ほんとうの基軸通貨ができるまで、なんとかドル基軸通貨体制をもたせるしかないということになりそうです。
貨幣は関係性によって成立しているのですが、世界経済のなかの主権の問題においては、外部に国家が必要となります。
つまり、世界経済には、いくつもの異なった国家(主権)が存在しうるということになります。
そして、それらの国家には異なった制度や機関が存在することになり、それらは必ずしも市場原理に従ったものとは限らないということです。
不均衡動学の理論の基本テーゼは、資本主義経済とは、本来的に不安定なシステムということになりますが、それがまがりなりにも、なんらかの安定性をもっていられるのは、その中に市場原理に従わない制度や機関が存在しているからということになります。

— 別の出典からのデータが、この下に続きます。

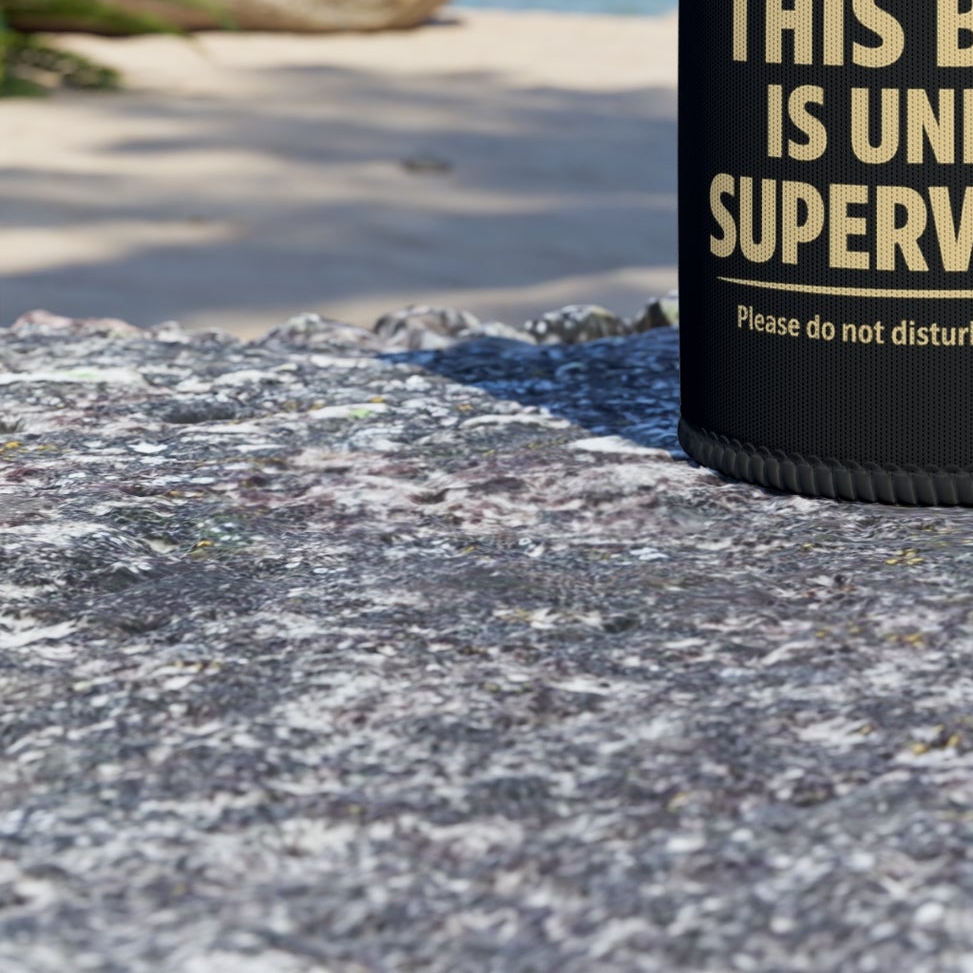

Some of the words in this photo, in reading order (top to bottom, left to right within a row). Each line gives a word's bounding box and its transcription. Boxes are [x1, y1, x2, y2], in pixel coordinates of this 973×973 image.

[767, 84, 828, 161] IS
[737, 305, 800, 337] Please
[806, 314, 835, 340] do
[842, 320, 884, 345] not

不均衡動学は、夜警国家(小さな国家)ではなく、固い石のような異物(市場原理に従わない大きな国家)が、資本主義の中に必要であると主張していることになります。
共通通貨システムというのは、労働がかなりの程度自由に移動するという前提がなければ機能しにくいものといえそうです。
ユーロについては、域内の文化差があるために、労働の移動は起こりにくい状態にあるといえます。
中央銀行では、ユーロ参加国のなかでもっとも停滞している地域にあわせて共通通貨を発行するという傾向が生まるため、長期においてはユーロの信任が揺らいでしまうことにもなりかねません。
ギリシア危機は、このような事例のひとつといえるのではないでしょうか。
世界中央銀行(共通通貨システム)ができることは、待望されていることといえるのかもしれません。
しかしながら、世界中央銀行ができると、ほんとうの意味の文明の衝突が起きることになるかもしれません。
つまり、世界中央銀行という制度が、労働者が地域の間を移動することを前提とした制度になっているからです。
労働者が移動すれば、つねに文化的な対立や摩擦をもたらします。
かつての国民国家の成立時においては、国語の統一、国民文化の教育というものが、近代国民国家の枠組みを作るのに決定的な役割を果たしたことからも分かることではないでしょうか。